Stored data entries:
╔══
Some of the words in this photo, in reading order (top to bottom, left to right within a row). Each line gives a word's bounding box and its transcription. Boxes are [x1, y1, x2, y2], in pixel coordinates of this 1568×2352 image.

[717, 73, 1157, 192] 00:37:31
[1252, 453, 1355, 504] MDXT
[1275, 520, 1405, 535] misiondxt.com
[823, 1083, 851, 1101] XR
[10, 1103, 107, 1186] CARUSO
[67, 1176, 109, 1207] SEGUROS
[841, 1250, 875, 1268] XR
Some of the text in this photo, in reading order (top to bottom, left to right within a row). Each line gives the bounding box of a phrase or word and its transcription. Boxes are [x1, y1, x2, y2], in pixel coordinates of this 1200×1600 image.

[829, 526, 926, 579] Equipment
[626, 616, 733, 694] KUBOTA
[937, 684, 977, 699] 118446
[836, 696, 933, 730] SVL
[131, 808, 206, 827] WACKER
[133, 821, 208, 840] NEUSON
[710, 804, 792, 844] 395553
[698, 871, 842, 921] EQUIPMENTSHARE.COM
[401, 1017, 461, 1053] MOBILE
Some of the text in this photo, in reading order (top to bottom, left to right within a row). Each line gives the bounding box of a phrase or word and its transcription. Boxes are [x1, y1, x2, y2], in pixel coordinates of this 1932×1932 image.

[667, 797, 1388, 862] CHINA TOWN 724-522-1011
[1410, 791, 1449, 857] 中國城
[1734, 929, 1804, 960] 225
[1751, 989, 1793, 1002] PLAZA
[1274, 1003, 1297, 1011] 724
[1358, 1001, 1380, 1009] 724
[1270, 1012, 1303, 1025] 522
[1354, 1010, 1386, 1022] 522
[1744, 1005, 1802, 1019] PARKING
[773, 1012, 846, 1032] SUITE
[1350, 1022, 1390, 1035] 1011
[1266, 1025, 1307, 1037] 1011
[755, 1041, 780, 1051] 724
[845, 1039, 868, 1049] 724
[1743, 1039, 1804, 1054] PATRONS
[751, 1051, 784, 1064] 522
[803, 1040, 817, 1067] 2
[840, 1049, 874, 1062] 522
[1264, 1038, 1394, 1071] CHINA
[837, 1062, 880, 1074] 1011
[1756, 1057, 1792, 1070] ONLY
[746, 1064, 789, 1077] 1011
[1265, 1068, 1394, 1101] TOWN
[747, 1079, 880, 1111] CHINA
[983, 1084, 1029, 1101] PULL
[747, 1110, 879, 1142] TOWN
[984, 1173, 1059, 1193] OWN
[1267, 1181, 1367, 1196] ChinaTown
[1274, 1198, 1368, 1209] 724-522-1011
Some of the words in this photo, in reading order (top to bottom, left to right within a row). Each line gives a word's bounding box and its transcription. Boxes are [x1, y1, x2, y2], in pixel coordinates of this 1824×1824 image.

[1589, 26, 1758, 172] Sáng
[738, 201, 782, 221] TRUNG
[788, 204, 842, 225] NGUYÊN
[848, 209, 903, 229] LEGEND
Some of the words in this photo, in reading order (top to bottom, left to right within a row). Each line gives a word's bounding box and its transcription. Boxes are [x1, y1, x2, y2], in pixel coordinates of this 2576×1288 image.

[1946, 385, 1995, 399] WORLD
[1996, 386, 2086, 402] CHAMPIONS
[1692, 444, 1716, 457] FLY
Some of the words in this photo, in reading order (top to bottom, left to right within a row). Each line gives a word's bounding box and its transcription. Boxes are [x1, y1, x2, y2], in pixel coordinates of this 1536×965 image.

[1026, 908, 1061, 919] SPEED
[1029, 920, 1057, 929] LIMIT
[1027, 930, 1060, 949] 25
╚══
EXERCISE OBJECTIVE:
The required output is the line containing "this 1824×1824 image." through the last line of the records above, each copied exactly and nothing more.

OUTPUT OF THE EXERCISE:
Some of the words in this photo, in reading order (top to bottom, left to right within a row). Each line gives a word's bounding box and its transcription. Boxes are [x1, y1, x2, y2], in pixel coordinates of this 1824×1824 image.

[1589, 26, 1758, 172] Sáng
[738, 201, 782, 221] TRUNG
[788, 204, 842, 225] NGUYÊN
[848, 209, 903, 229] LEGEND
Some of the words in this photo, in reading order (top to bottom, left to right within a row). Each line gives a word's bounding box and its transcription. Boxes are [x1, y1, x2, y2], in pixel coordinates of this 2576×1288 image.

[1946, 385, 1995, 399] WORLD
[1996, 386, 2086, 402] CHAMPIONS
[1692, 444, 1716, 457] FLY
Some of the words in this photo, in reading order (top to bottom, left to right within a row). Each line gives a word's bounding box and its transcription. Boxes are [x1, y1, x2, y2], in pixel coordinates of this 1536×965 image.

[1026, 908, 1061, 919] SPEED
[1029, 920, 1057, 929] LIMIT
[1027, 930, 1060, 949] 25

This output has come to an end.